Демократическая партия пользуется услугами целого пула частично узко специализированных аналитических агентств, намного меньших по масштабам и потому менее заметных.
Наконец, ряд аналитических структур используется как республиканской, так и демократической партией. Большинство из них недостаточно мощно для оказания услуг полного цикла.
В основе американской аналитики полного цикла лежит системный анализ, позволяющий строго анализировать математически любые процессы развития и любые кризисы. Именно опора на современные методы математического анализа и отличает аналитику полного цикла от public relations, использующего теневые методы.

Эту разницу ярко иллюстрирует сопоставление трилогии А.Азимова Установление (где стратегическая аналитика, позволяющая не только предвидеть, но и корректировать будущее, названа психоисторией, а ее сложность и, соответственно, мошь фантастически преувеличена) и кинофильма Плутовство или когда хвост виляет собакой, в котором показана интуитивная и весьма успешная вследствие значительности ресурсов и локальности задачи работа обычной антикризисной группы, действующей методами теневого public relations.

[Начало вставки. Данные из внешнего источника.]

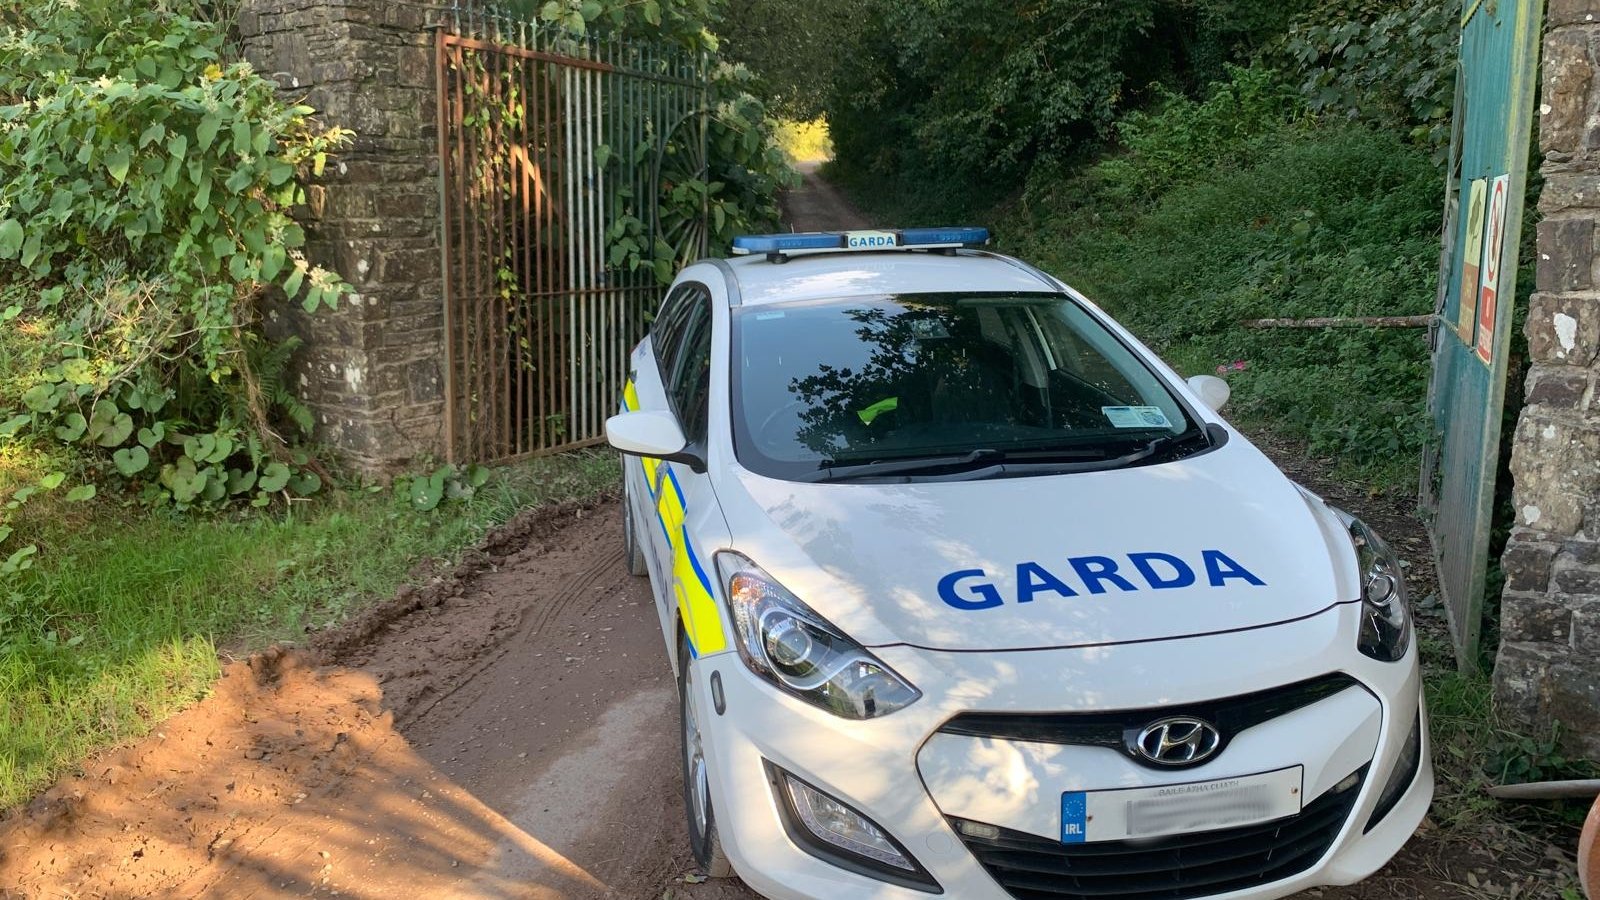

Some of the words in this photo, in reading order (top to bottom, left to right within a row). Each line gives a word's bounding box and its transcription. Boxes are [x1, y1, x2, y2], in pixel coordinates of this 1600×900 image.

Исторически аналитическое сообщество США выросло из антикризисных подразделений корпораций, вынужденных гасить кризисы и обеспечивать свою конкурентоспособность сначала на уровне отдельных предприятий, затем - на уровне отраслей (отраслевых монополий), а начиная с Великой Депрессии 1929-32 гг. - и на общенациональном уровне.
Соответственно, оно сохранило теснейшую связь с корпорациями, полностью финансируясь ими и обслуживая в первую очередь их интересы.